▸ **About this exercise**
Where the line containing "this 1920×1280 image." appears, start copying; continue through the last line below and copy nothing else.
:: Data shown
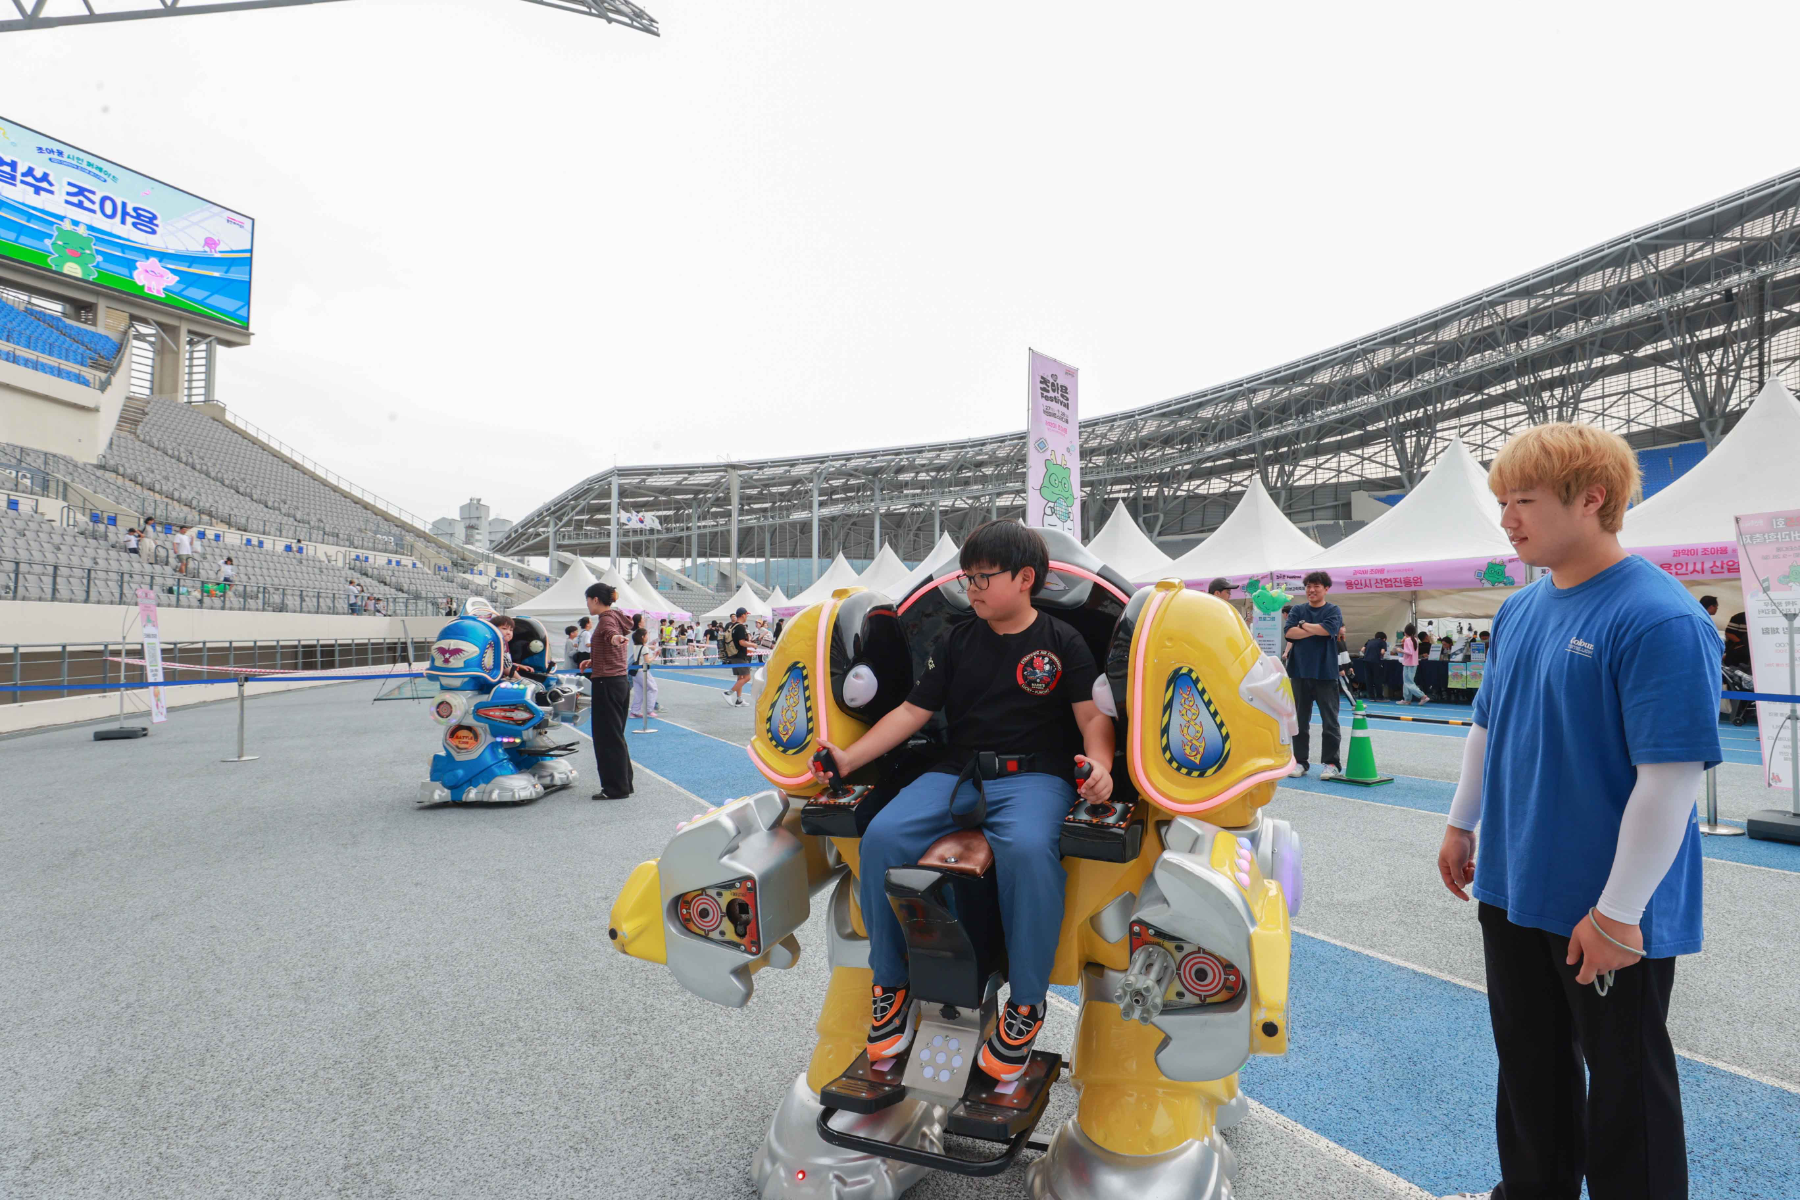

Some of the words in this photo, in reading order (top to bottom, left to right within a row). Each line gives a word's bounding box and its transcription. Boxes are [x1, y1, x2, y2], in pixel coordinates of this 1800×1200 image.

[64, 181, 160, 236] 조아용
[1039, 374, 1069, 402] 조아용
[1040, 392, 1070, 411] Festival
[1672, 548, 1699, 558] 과학이
[1701, 546, 1728, 556] 조아용
[1659, 561, 1705, 576] 용인시
[1345, 578, 1373, 590] 용인시
[1374, 576, 1424, 589] 산업진흥원
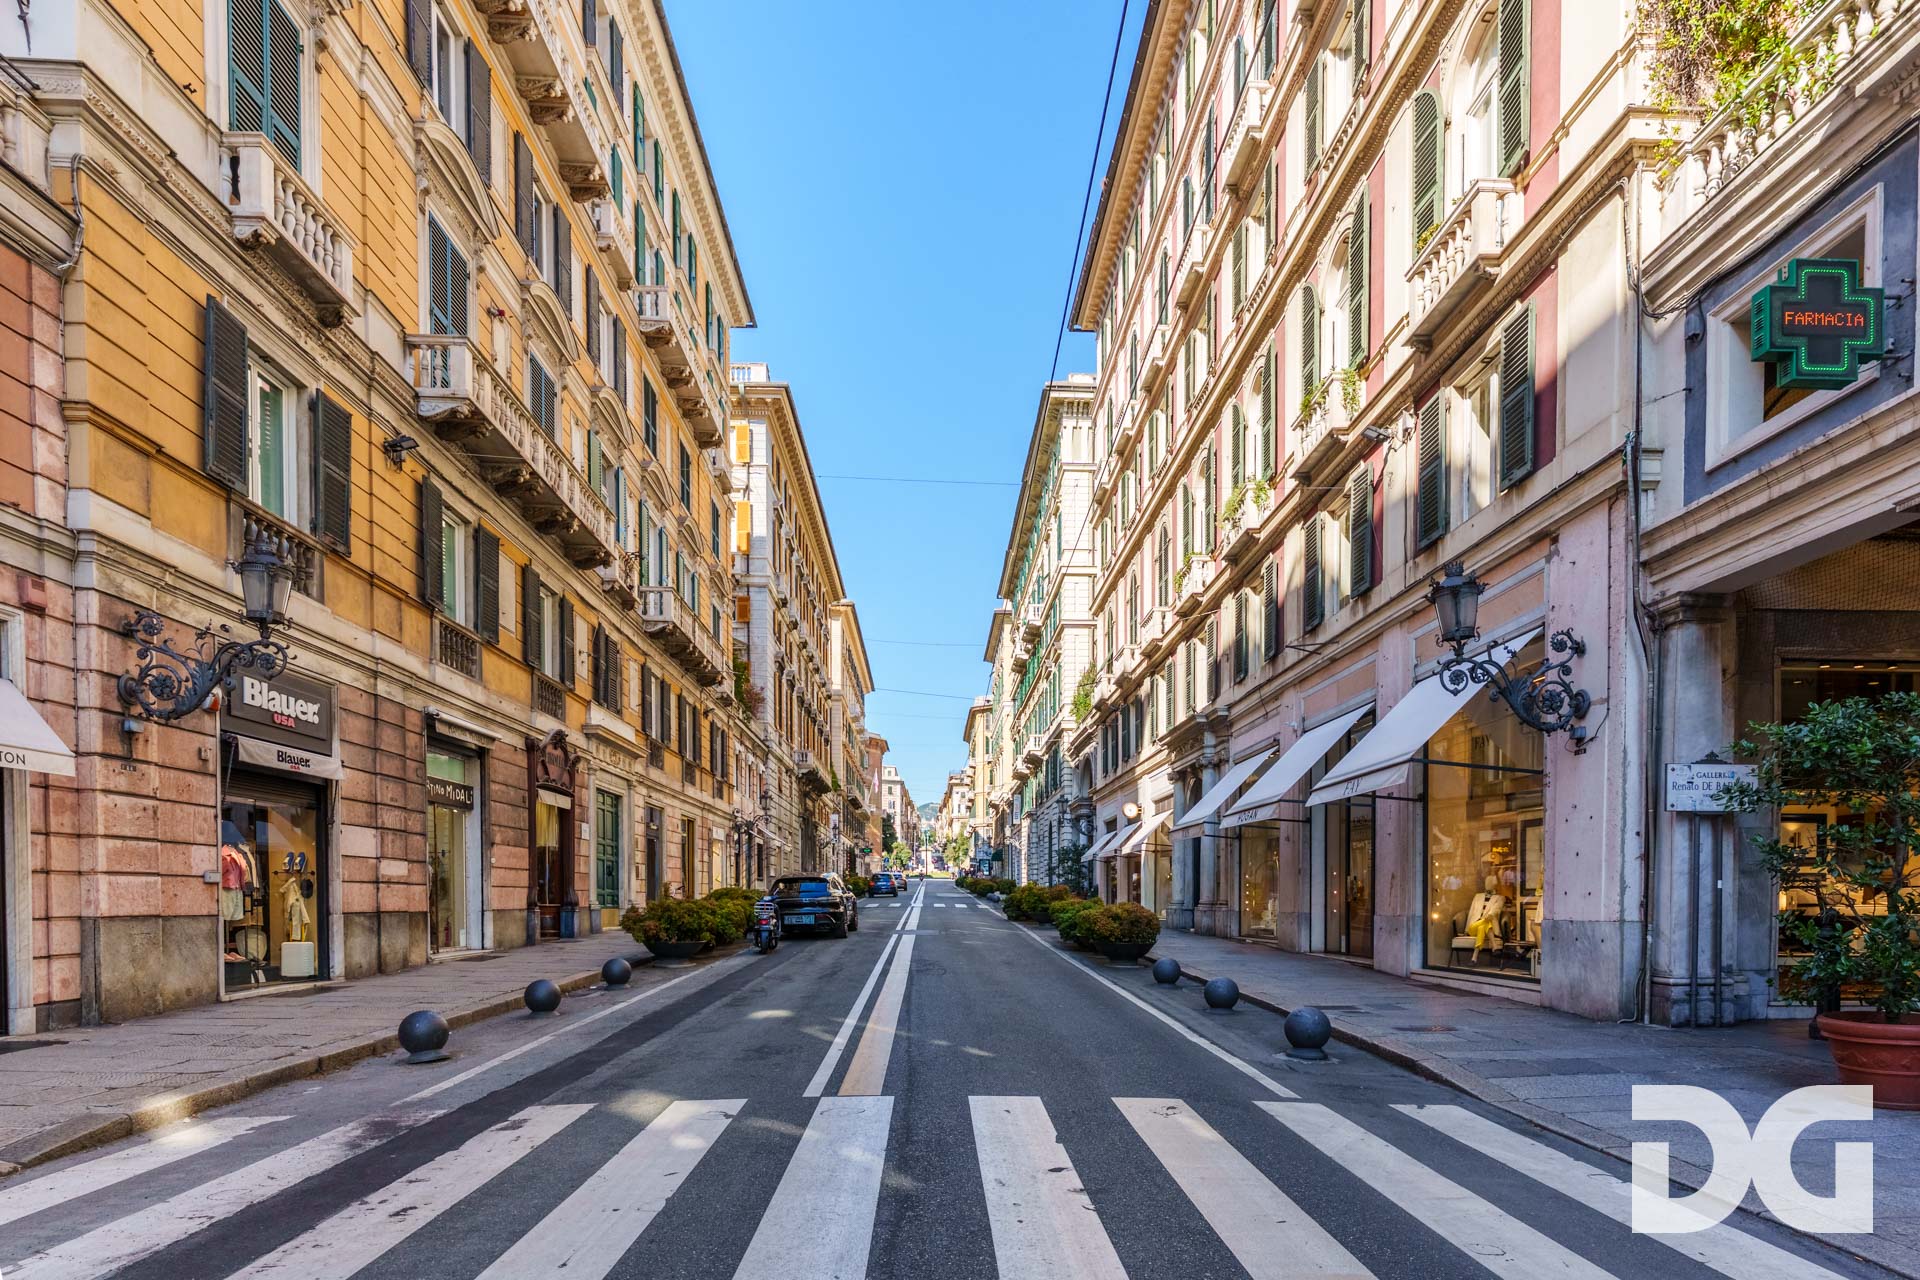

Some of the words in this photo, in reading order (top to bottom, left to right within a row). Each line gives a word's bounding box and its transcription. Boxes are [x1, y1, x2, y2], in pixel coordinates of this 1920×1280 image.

[1784, 311, 1865, 327] FARMACIA
[273, 713, 295, 728] USA
[1343, 777, 1364, 796] FAY
[1702, 781, 1713, 791] DE
::::
▸ **Response for this exercise**
Some of the words in this photo, in reading order (top to bottom, left to right within a row). Each line gives a word's bounding box and its transcription. Boxes are [x1, y1, x2, y2], in pixel coordinates of this 1920×1280 image.

[1784, 311, 1865, 327] FARMACIA
[273, 713, 295, 728] USA
[1343, 777, 1364, 796] FAY
[1702, 781, 1713, 791] DE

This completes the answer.